* [HOW TO COMPLETE THIS TASK] Copy out every line of the data exactly; do not include the images.
*** Opening MATERIAL PROVIDED ***
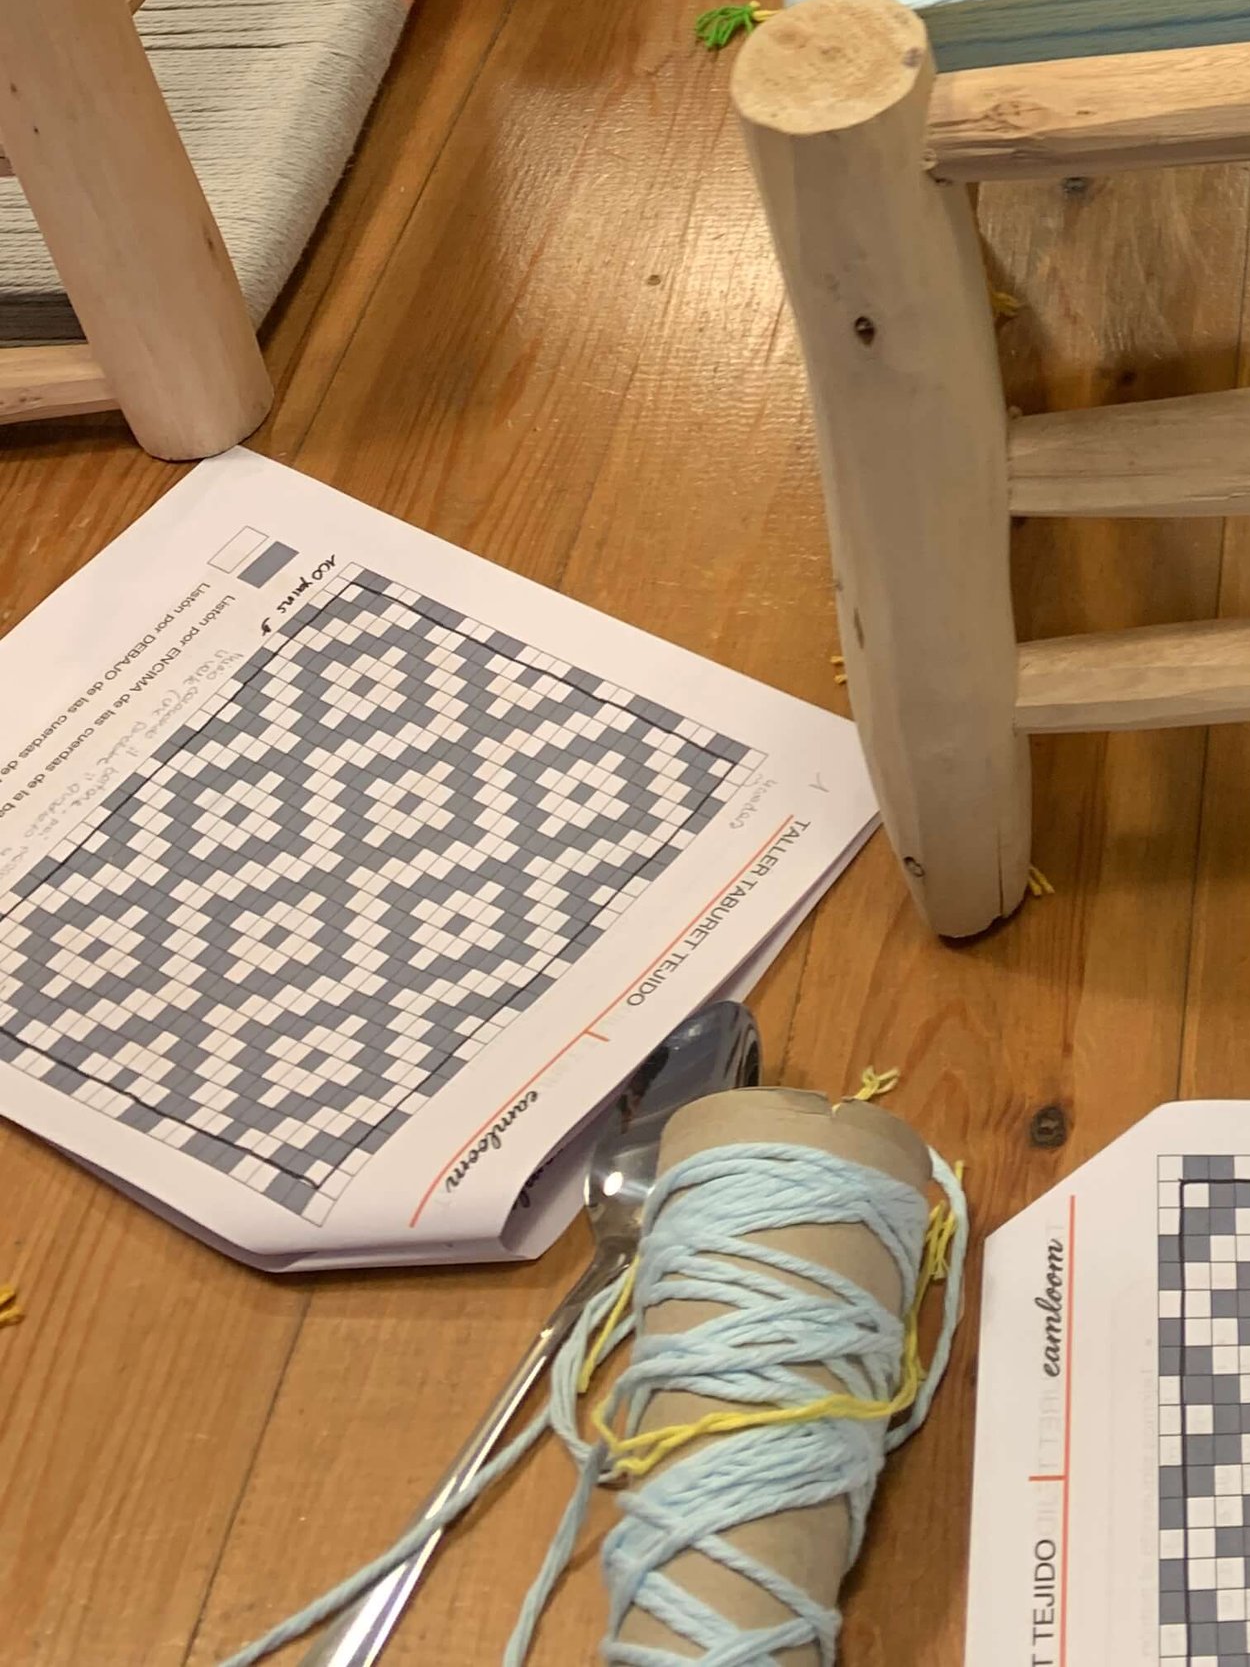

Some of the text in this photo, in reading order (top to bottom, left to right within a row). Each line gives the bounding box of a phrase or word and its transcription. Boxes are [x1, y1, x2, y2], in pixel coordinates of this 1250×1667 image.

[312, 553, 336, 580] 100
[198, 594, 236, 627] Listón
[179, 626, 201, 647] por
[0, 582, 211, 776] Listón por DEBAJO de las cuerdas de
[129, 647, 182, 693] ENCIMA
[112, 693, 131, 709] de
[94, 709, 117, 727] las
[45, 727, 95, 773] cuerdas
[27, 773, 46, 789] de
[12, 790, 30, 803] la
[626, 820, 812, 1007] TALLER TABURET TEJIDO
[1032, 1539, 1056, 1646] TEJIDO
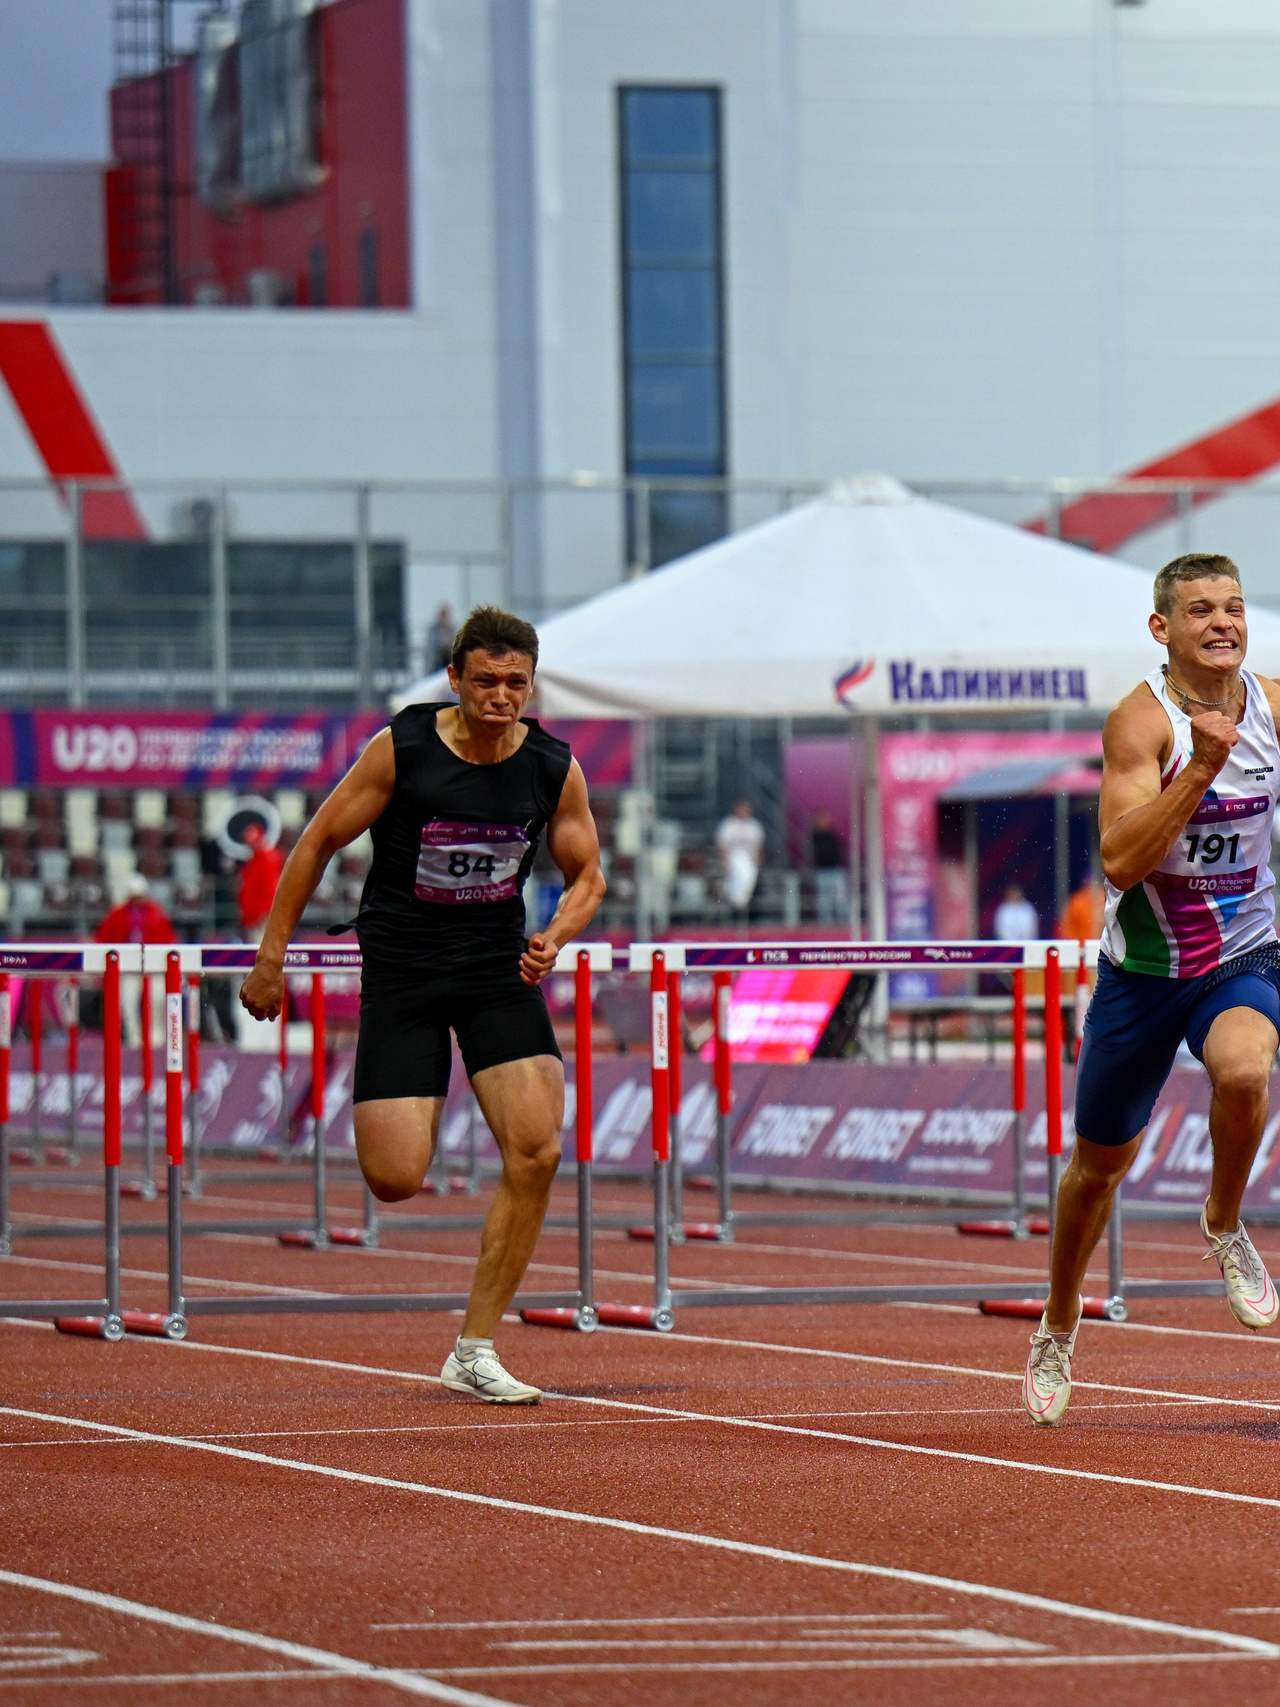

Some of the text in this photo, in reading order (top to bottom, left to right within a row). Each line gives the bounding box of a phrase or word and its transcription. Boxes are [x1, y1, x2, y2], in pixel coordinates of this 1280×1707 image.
*** Closing MATERIAL PROVIDED ***
* [WORKED SOLUTION]
Some of the text in this photo, in reading order (top to bottom, left to right within a row). Each line gives the bounding box of a phrase or word and its transcription. Boxes are [x1, y1, x2, y2], in pixel coordinates of this 1250×1667 image.

[312, 553, 336, 580] 100
[198, 594, 236, 627] Listón
[179, 626, 201, 647] por
[0, 582, 211, 776] Listón por DEBAJO de las cuerdas de
[129, 647, 182, 693] ENCIMA
[112, 693, 131, 709] de
[94, 709, 117, 727] las
[45, 727, 95, 773] cuerdas
[27, 773, 46, 789] de
[12, 790, 30, 803] la
[626, 820, 812, 1007] TALLER TABURET TEJIDO
[1032, 1539, 1056, 1646] TEJIDO

Some of the text in this photo, in reading order (top to bottom, left to right within a row). Each line gives the bounding box of a phrase or word and its transcription. Boxes are [x1, y1, x2, y2], in pixel coordinates of this 1280×1707 image.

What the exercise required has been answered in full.